Abstract
Introduction: Motion processing involves several antagonistic interactions. For example, different directions have been found to perceptually suppress one another when simultaneously presented (directional suppression) (Snowden, 1989). Suppression also occurs when an MT neuron encounters simultaneous motions in its preferred and anti-preferred directions in the same location, resulting in a decreased neural response (opponency) (Qian & Andersen, 1994). With MT's prominence in motion processing, its neural interactions may modulate directional suppression at the perceptual level. It is therefore reasonable to hypothesize that when affected by opponent suppression, motion signals may have a reduced ability to exert directional suppression during later processing.

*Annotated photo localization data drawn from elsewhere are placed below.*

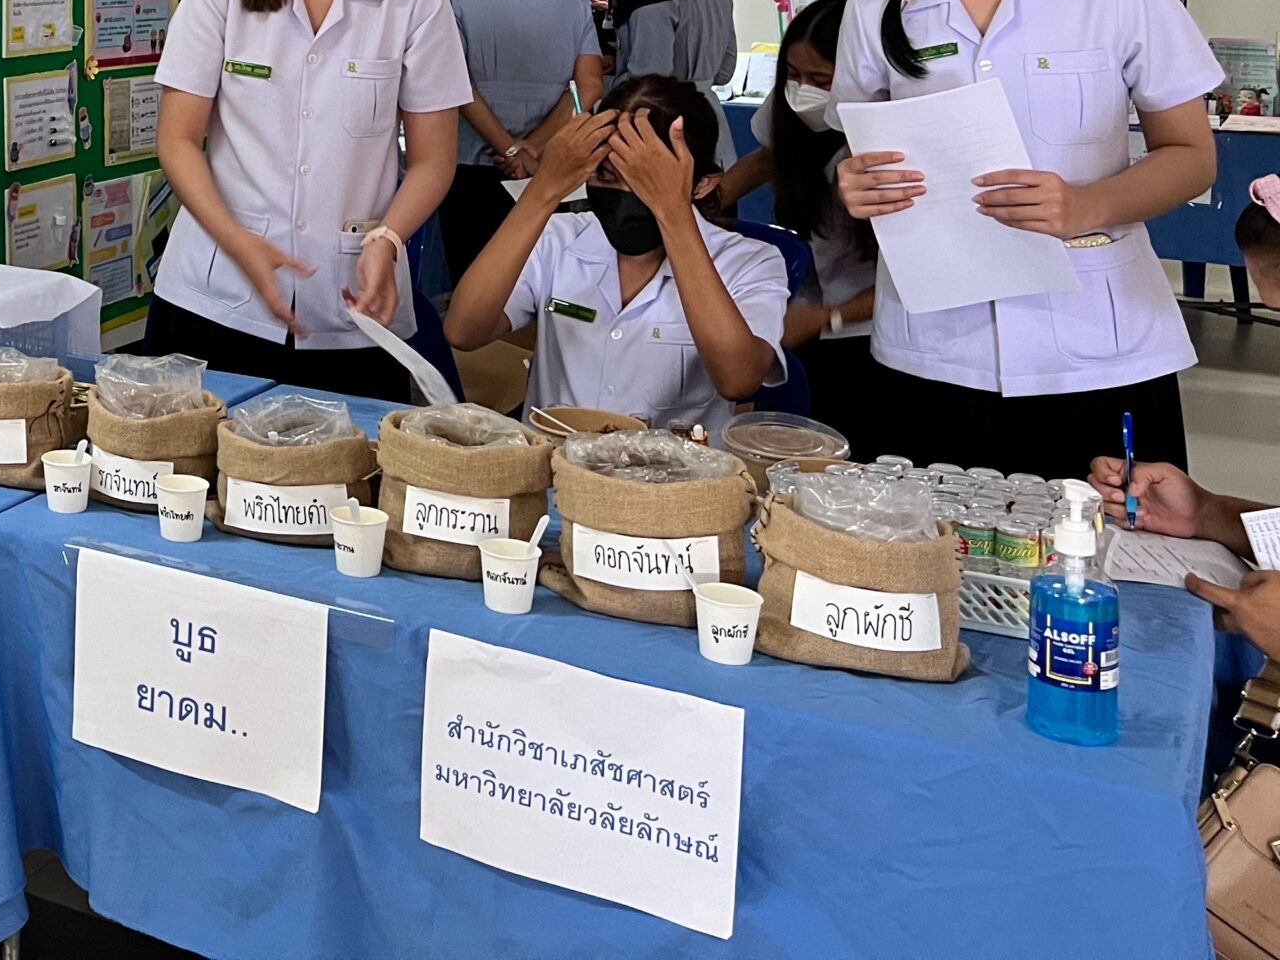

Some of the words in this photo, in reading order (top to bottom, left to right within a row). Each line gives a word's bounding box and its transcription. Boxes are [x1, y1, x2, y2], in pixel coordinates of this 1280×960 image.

[99, 469, 158, 499] รกจันทน์
[244, 495, 327, 526] พริกไทยดำ
[416, 503, 498, 534] ลูกกระวาน
[169, 614, 218, 663] บูธ
[826, 599, 914, 642] ลูกผักชี
[1044, 627, 1096, 645] ALSOFF
[136, 681, 248, 737] ยาดม..
[447, 714, 712, 810] สำนักวิชาเภสัชศาสตร์
[434, 759, 720, 865] มหาวิทยาลัยวลัยลักษณ์

Thus, in a presentation consisting of opponent vertical and non-opponent horizontal motion, the directional suppression acting against the horizontal motion may be reduced, resulting in greater detectability of the horizontal direction. We tested this hypothesis in the present study. Method: A motion stimulus consisted of 49 pairs of background dots and 70 randomly distributed target dots. During each trial, half of all background dots shifted up and half shifted down. In opponent trials, dots within pairs shifted in opposite directions, while in non-opponent trials, dots within pairs shifted in the same direction. All target dots shifted either left or right, and participants indicated this direction. Results: The non-opponent condition elicited a higher d' (1.87) than the opponent condition (1.36) for horizontal motion discrimination (n = 24, p <.001). Conclusion: Opponent motion exerted stronger directional suppression than non-opponent motion, contradicting our prior hypothesis. However, a recent study suggests that some MT neurons have multiple preferred motion directions (Richert et al., 2013). Therefore, vertical opponency may suppress some horizontal-sensitive cells and result in decreased horizontal sensitivity, potentially accounting for the current results.
Meeting abstract presented at VSS 2014